To address talent scarcity and rising costs in metros, GCCs are expanding into Tier 2 and Tier 3 cities like Jaipur, Coimbatore, and Ahmedabad.
This geographic diversification creates opportunity for regional enterprises but also intensifies competition for local talent.
90 percent of centres have increased spending on cybersecurity and data privacy.
As GCCs handle more sensitive global operations, security maturity has become a baseline expectation, not a differentiator.
Operating in India allows multinationals to reduce costs by 40 to 70 percent compared to developed nations.
The cost of an AI specialist in India ranges from $25,000 to $60,000 annually versus over $150,000 in the US. This cost advantage sustains GCC growth but also drives wage inflation for Indian enterprises competing for the same talent.
Thought Triggers
Provocative questions for CEOs, founders, and CXOs of scaling Indian businesses:
1. A new GCC opens every week in India, offering salaries up to 30 percent higher for niche roles.
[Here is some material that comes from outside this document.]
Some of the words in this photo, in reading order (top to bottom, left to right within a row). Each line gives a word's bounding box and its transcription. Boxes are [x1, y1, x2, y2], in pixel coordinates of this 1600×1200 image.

Your top talent has a lucrative exit strategy. Are you giving them a compelling reason to stay, or are you waiting to find out at the resignation?
2. India has proven technical capability, but a gap remains between those who can build technology and those who can lead global enterprises. Your engineers may be world-class. Are you investing in turning them into leaders, or just promoting your best performers and hoping they figure it out?
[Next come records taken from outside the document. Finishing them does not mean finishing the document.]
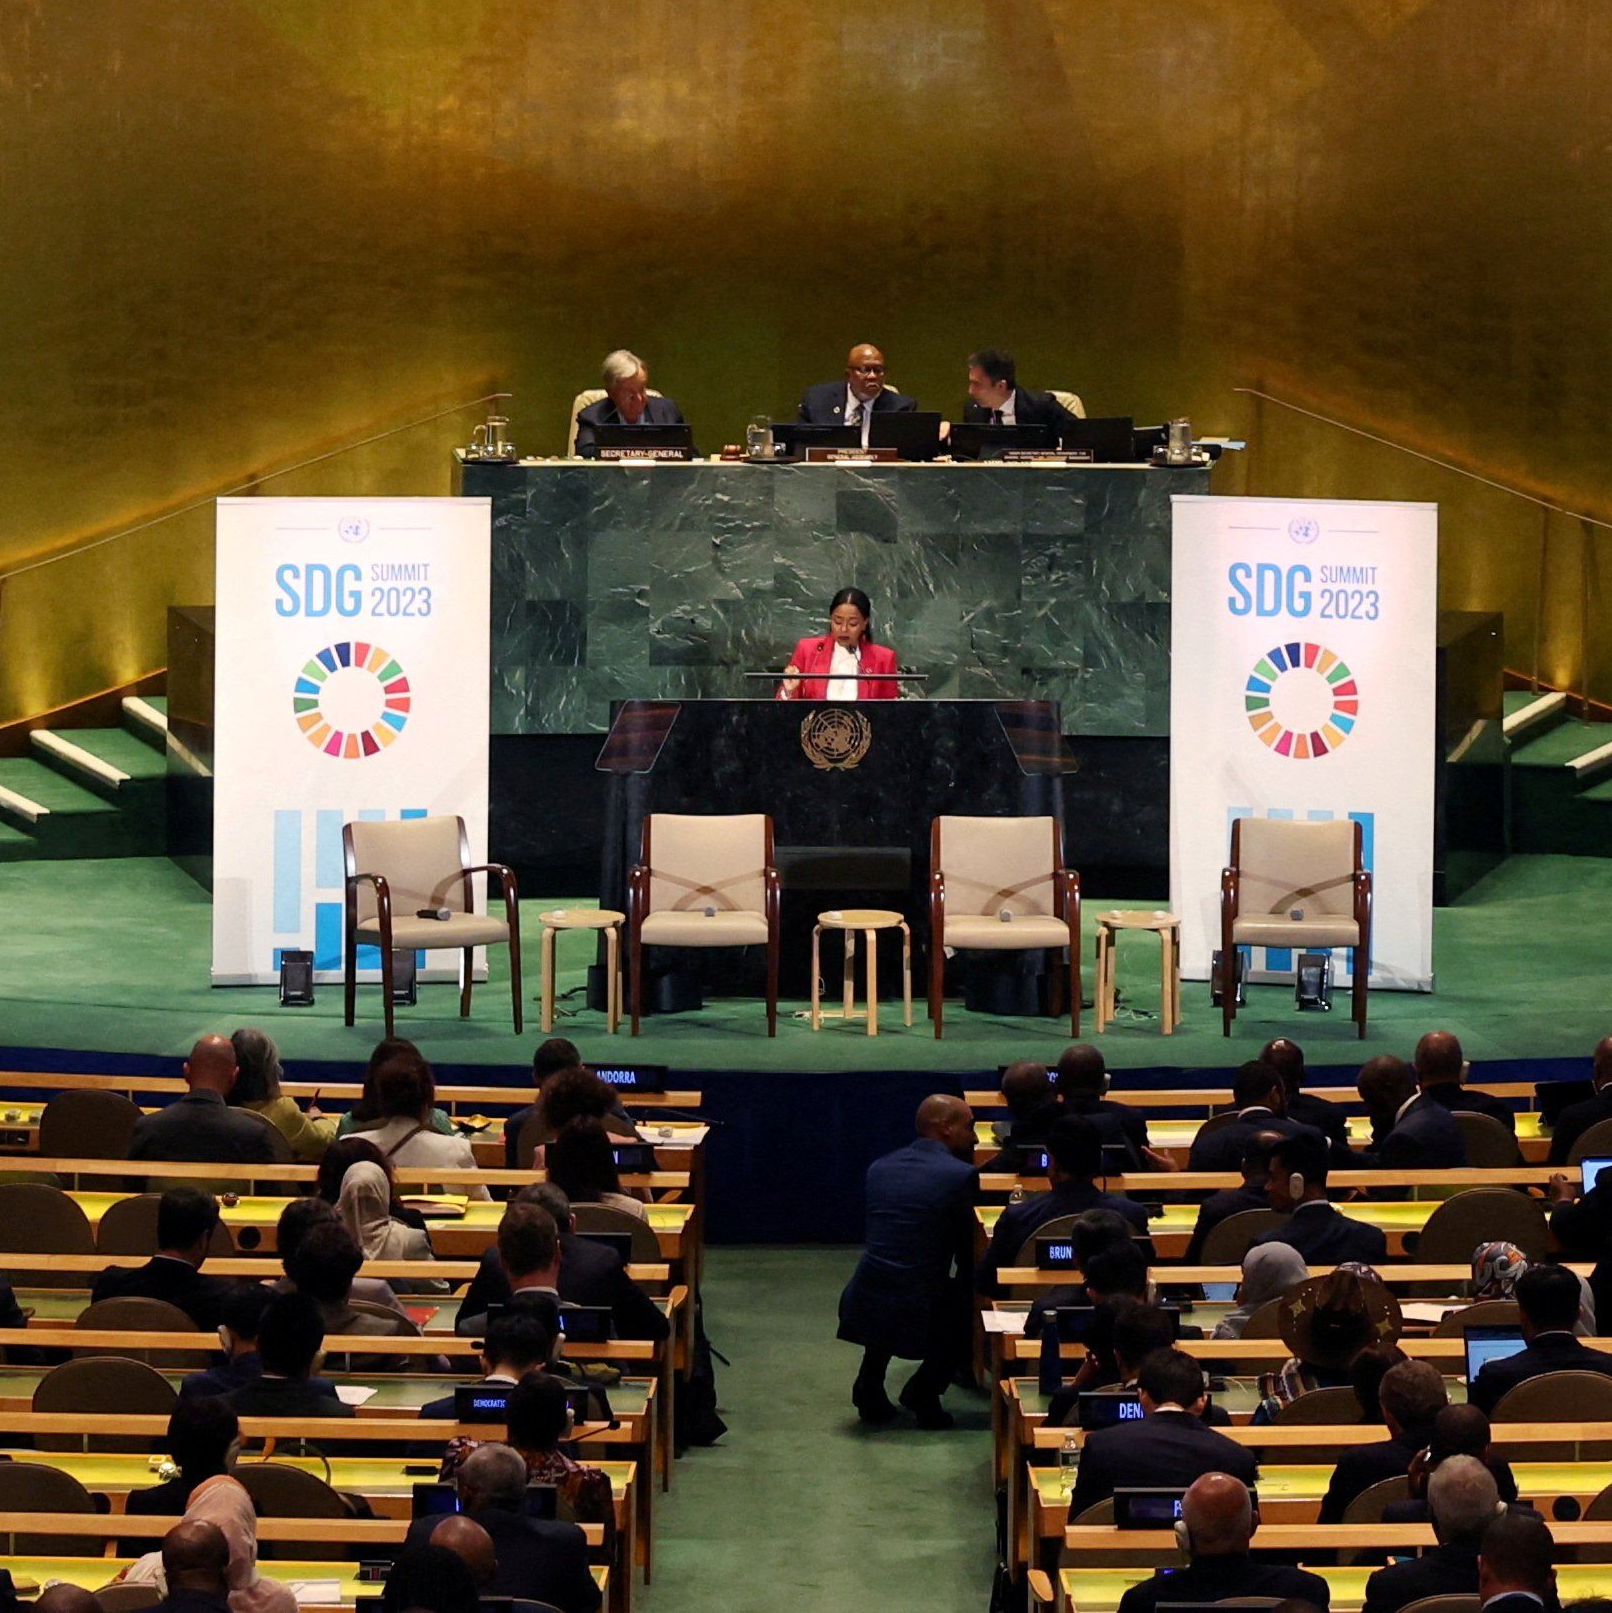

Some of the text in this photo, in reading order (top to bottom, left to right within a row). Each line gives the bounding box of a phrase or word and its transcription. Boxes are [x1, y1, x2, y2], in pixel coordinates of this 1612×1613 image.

[600, 449, 685, 459] SECRETARY-GENERAL
[371, 564, 430, 582] SUMMIT
[1320, 565, 1378, 585] SUMMIT
[275, 563, 363, 618] SDG
[1227, 562, 1313, 619] SDG
[371, 586, 432, 618] 2023
[1319, 589, 1380, 621] 2023
[1049, 1245, 1073, 1260] BRUN
[473, 1398, 507, 1408] DEMOCRATIC
[1119, 1402, 1145, 1419] DEN
3. GCCs have evolved from back-office support into hubs driving worldwide innovation. If you had to expand into a new international market tomorrow, are your second-line managers capable of owning that outcome independently, or would it depend entirely on the founder or country head?
4. Decentralised decision-making is becoming the norm for successful global operations. Look at your second-line managers. Can they make consequential decisions, manage cross-functional trade-offs, and hold their teams accountable without escalating every issue upward?
5. Organisational maturity requires sustained investment in leadership development, not a one-off training programme. Does your company build leaders through intentional coaching, structured operating cadence, and real accountability, or does it rely on workshops and hope?6. GCCs are actively hiring for emerging executive roles focused on cross-functional collaboration and transformation. If a multinational competitor sets up a centre in your city and recruits your best people for global leadership roles, what is your response? The answer should not be ‘match the salary.’